> [Assignment]: Copy without pictures. Please restate each line of the listing exactly.

> [Material for the task]:
=== Section Start ===

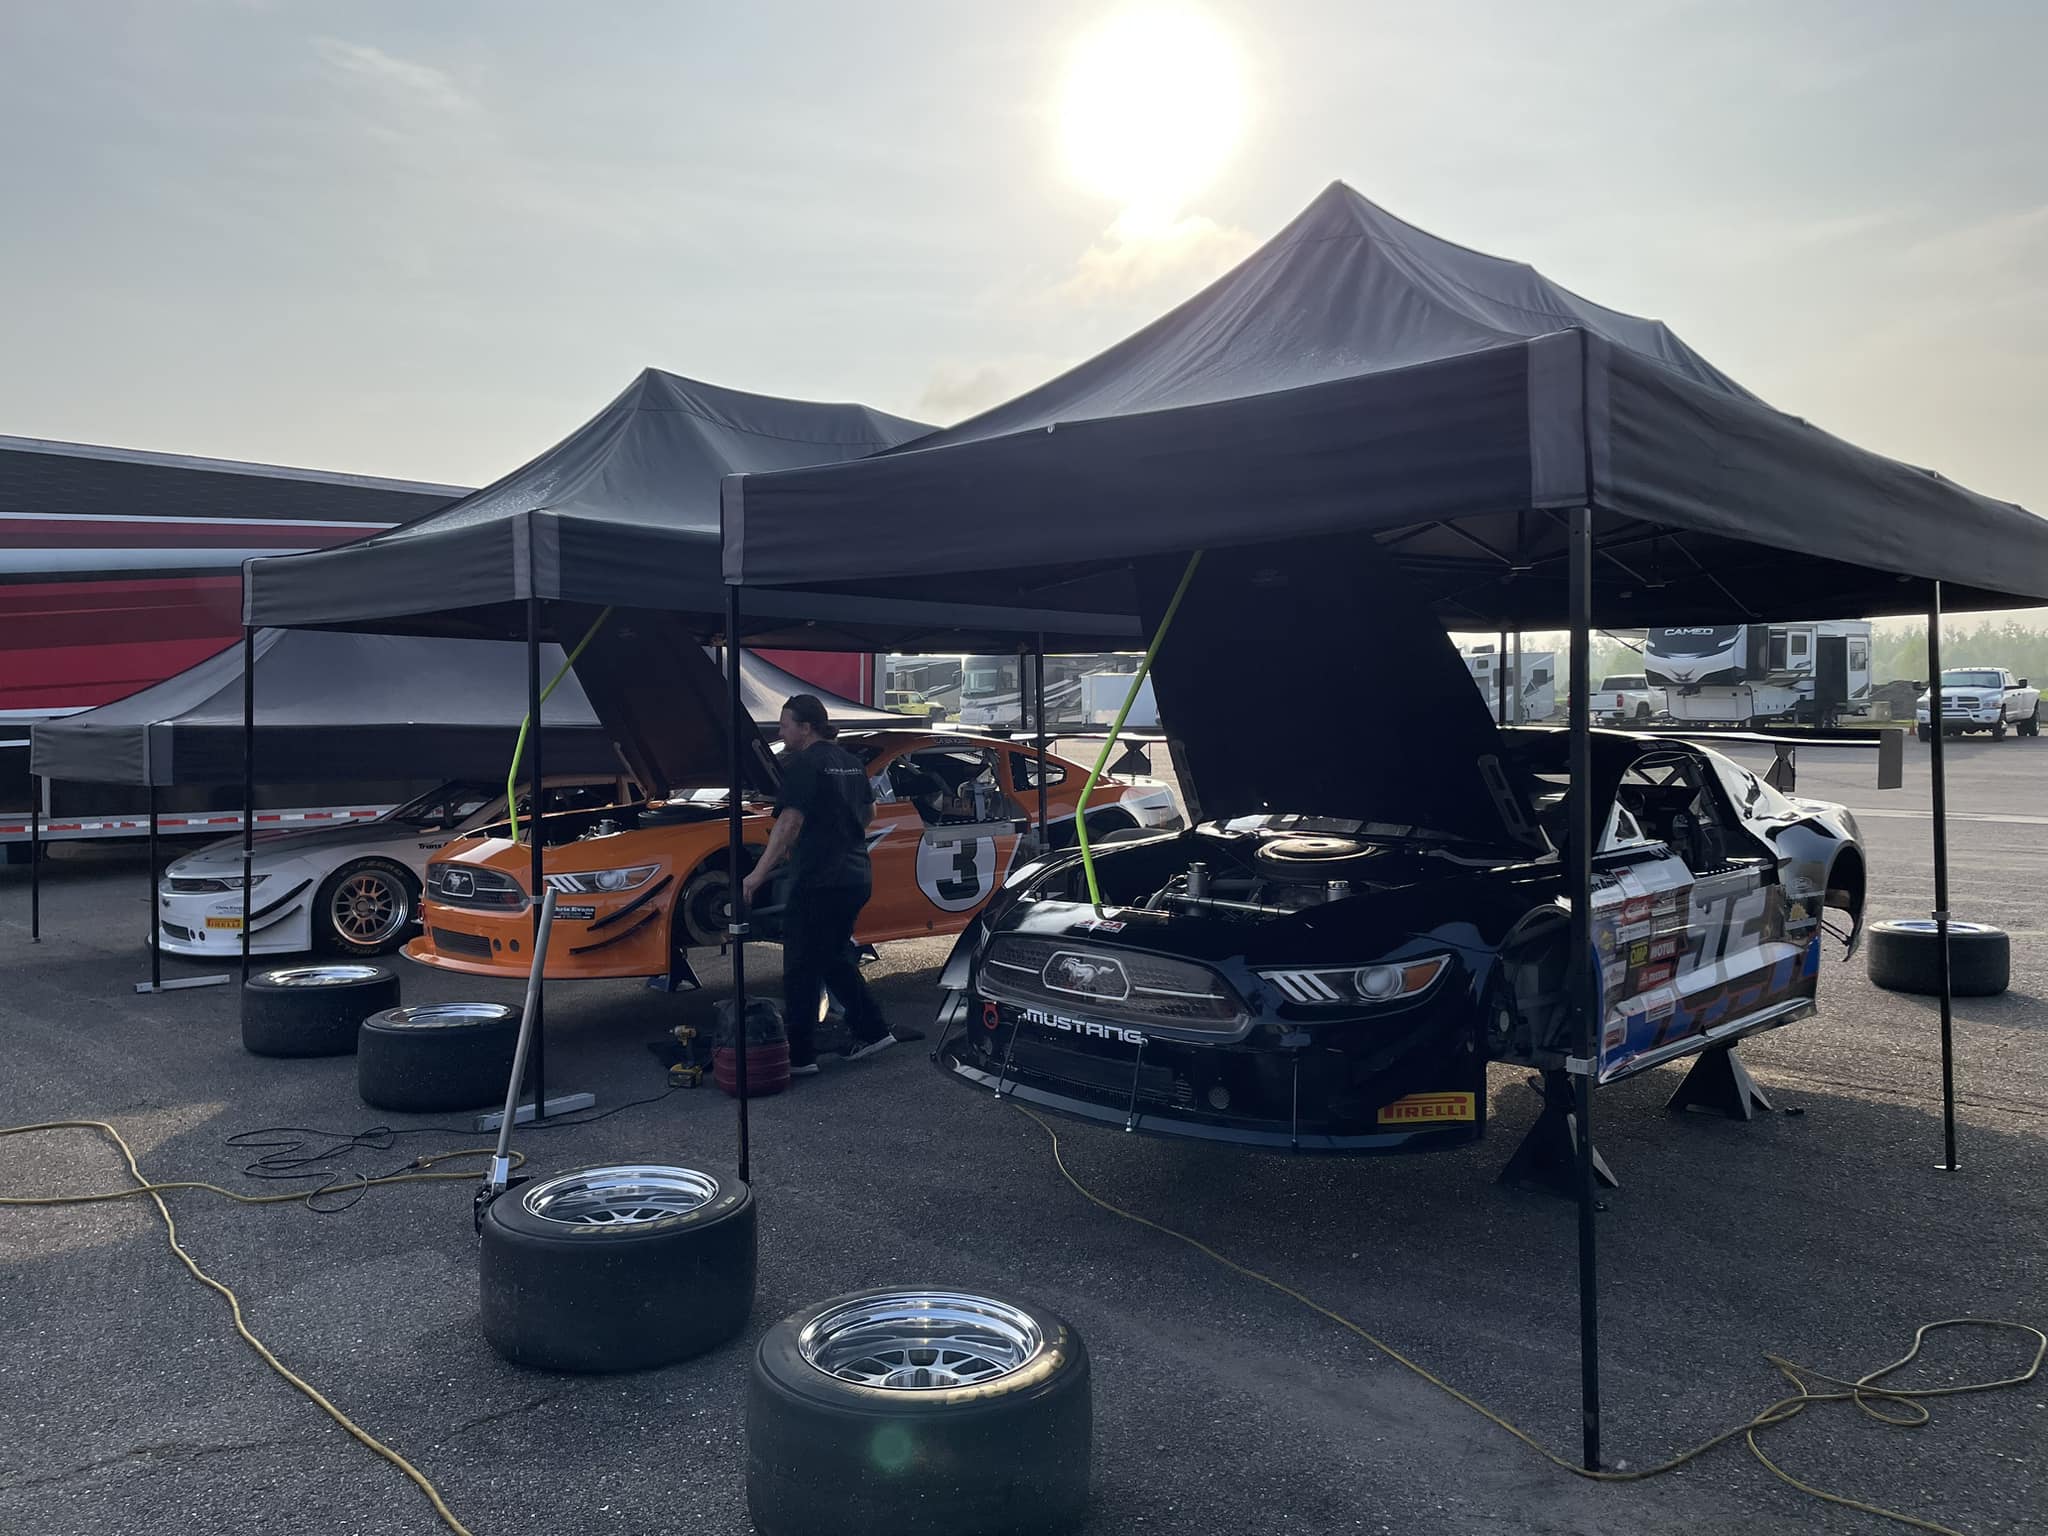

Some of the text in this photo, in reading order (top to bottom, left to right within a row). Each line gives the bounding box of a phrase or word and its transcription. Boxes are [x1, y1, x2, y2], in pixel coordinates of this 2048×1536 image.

[1664, 628, 1713, 636] CAMEO
[934, 837, 981, 901] 3
[1649, 941, 1676, 959] MOTUL
[1026, 1008, 1142, 1045] MUSTANG
[1383, 1096, 1468, 1119] PIRELLI

=== Section End ===

> [Response]:
Some of the text in this photo, in reading order (top to bottom, left to right within a row). Each line gives the bounding box of a phrase or word and its transcription. Boxes are [x1, y1, x2, y2], in pixel coordinates of this 2048×1536 image.

[1664, 628, 1713, 636] CAMEO
[934, 837, 981, 901] 3
[1649, 941, 1676, 959] MOTUL
[1026, 1008, 1142, 1045] MUSTANG
[1383, 1096, 1468, 1119] PIRELLI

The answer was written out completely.